Chomsky claims that a boycott of Israeli academia is hypocritical because US academics are equally complicit in the “far greater crimes of the United States.” Since the end of the Cold War Israel and its US supporters have been prime movers in US crimes: the 1991 Gulf War; “dual containment” of Iran and Iraq; provoking the 9/11 attacks and all their sequelae; and the 2003 invasion of Iraq and the present dissolution of the Middle East into medieval components.50 Chomsky’s charge is a gambit to protect Israel and its supporters, not to oppose the US.
‘Each country has its own way’
In a 2004 interview, Chomsky rejected the use of apartheid, the Afrikaans word for South African segregation, to describe Zionism within Israel. He acknowledged its existence. “There is a kind of apartheid structure, and its built into the system. It’s also built into the immigration laws and all sorts of other things.” Yet he stated, “these are just inflammatory terms… I think it’s just sufficient to describe the situation, without comparing it to other situations. Each country is going to have its own way: Jim Crow is different from South African apartheid.” Chomsky recounted the anti-Semitism his family had experienced when he was growing up, and the fact that Harvard had very few Jewish faculty when he arrived on a post-doctoral fellowship in the early 1950s. “That’s not the same as South African apartheid, I don’t know what name you can give it, but it’s something, you have to describe it for what it is.”23
Or what it was. Anti-Semitism declined rapidly after 1945, and Jewish socioeconomic ascendancy, ongoing since Jewish immigrants arrived on American shores, continued apace, with the result that US elites have been thoroughly Judaized and the situation Chomsky described reversed. It is a positive thing about US society that millions of Jews could emigrate from the most impoverished and oppressed conditions in Europe, and that their descendants could rise to the top. The Jewish chauvinism that has been awakened by Zionism is a very negative and destructive thing.

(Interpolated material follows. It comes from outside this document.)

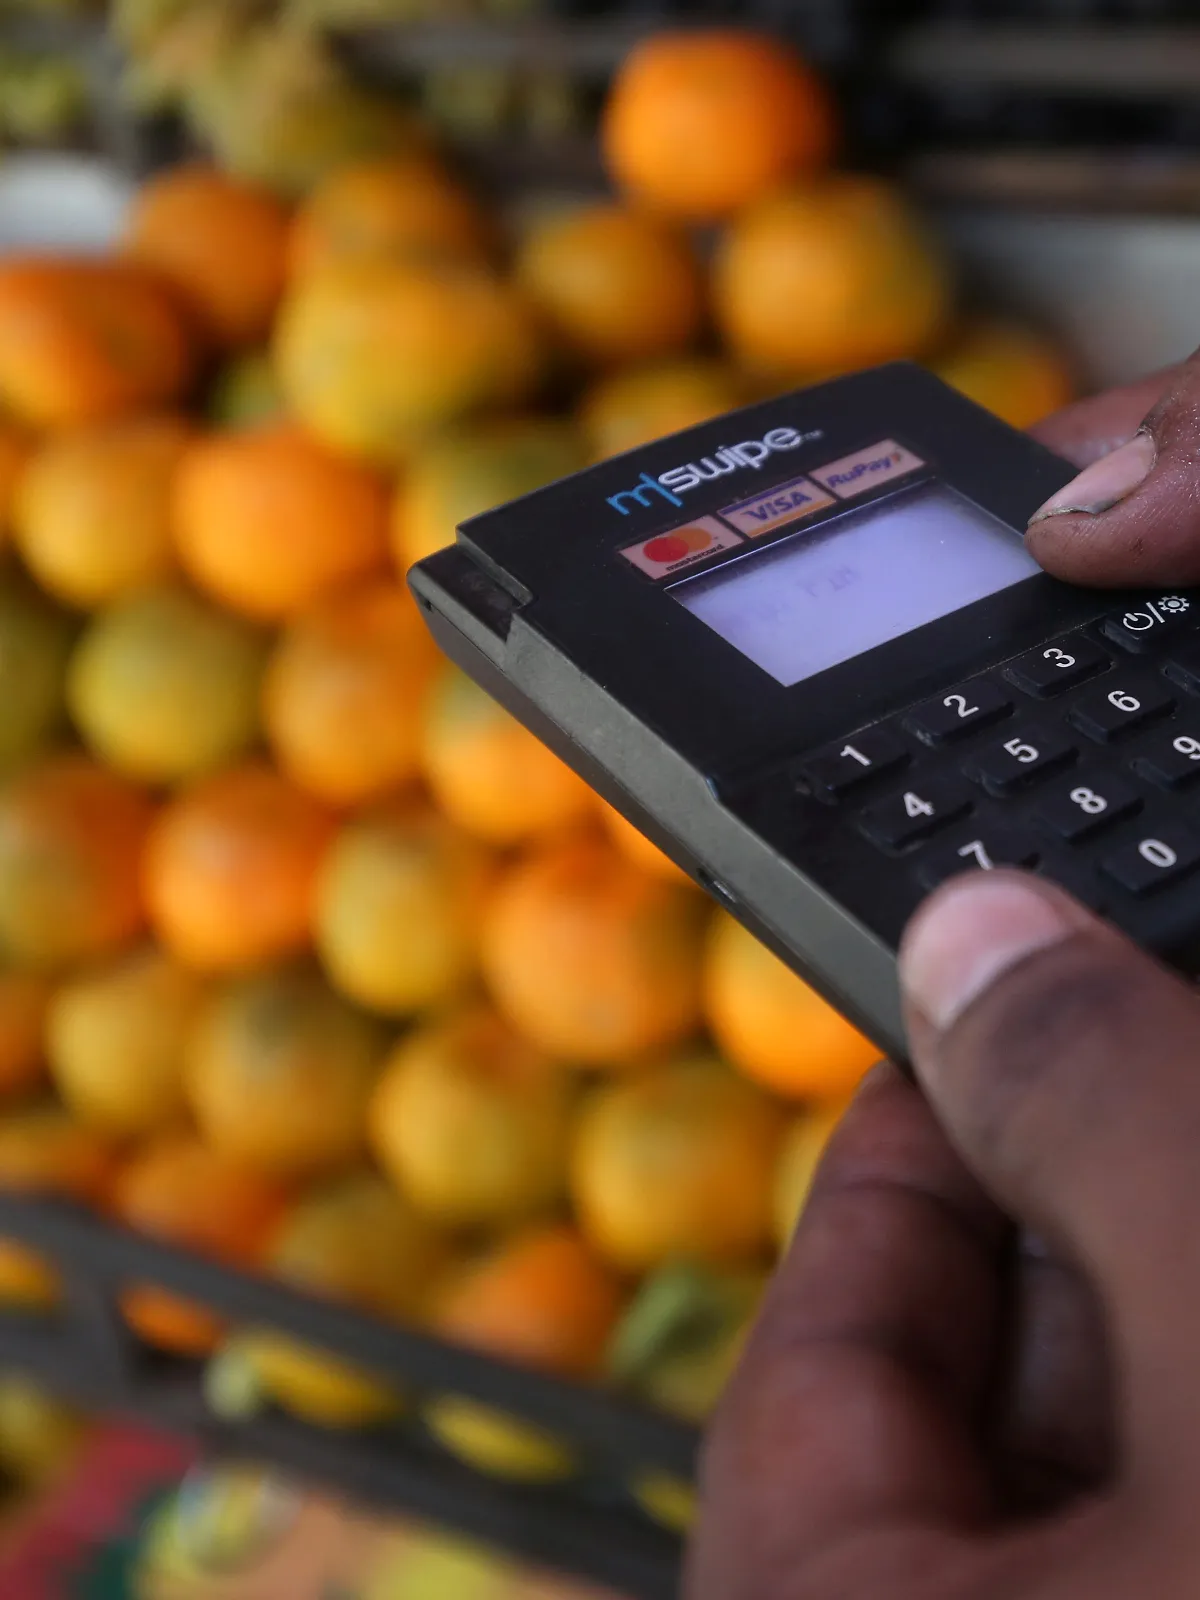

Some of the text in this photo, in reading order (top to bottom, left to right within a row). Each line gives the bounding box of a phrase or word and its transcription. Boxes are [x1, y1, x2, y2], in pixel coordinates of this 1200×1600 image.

The racialism of Zionism and Israeli society is not just “another way” of discrimination. No other state today defines itself formally as racialist, and insists that racialism is normative, as Israel demands to be recognized as the state of the Jewish people, with ever-escalating vehemence and violence. Most recently the cabinet sent to the Knesset legislation to ensure the “Jewish” character of Israel, which will “demote Arabic—spoken by the fifth of the population who belong to the country’s Palestinian minority—from its current status as an official language,” make “ ‘Jewish tradition’ and ‘the prophets of Israel’ a primary source of legal and judicial authority,” and formally define “Israel as belonging to Jews around the world rather than to its citizens, which includes 1.5 million Palestinians.”51
This has been building since the 1993 Oslo Accords between Israel and the PLO. Israel envisioned a “peace without Arabs,” as Israeli ex-patriate scholar Amnon Raz-Krakotzkin put it.52 The Oslo Accords did not recognize the Palestinian Arabs as equal inhabitants of historic Palestine, and the injustice done them by the establishment of Israel. Rather they expressed the idea of “separation,” which would remove the Palestinian Arabs from Israel’s midst and let it continue its separate, Zionist, Jewish destiny. The “reality of separation which was formed after the Oslo Accord actually diminished the differences between the main political powers in Israel concerning the future of the Occupied Territories.”53 The “peace” and “national” camps differed only on how best to achieve “separation.”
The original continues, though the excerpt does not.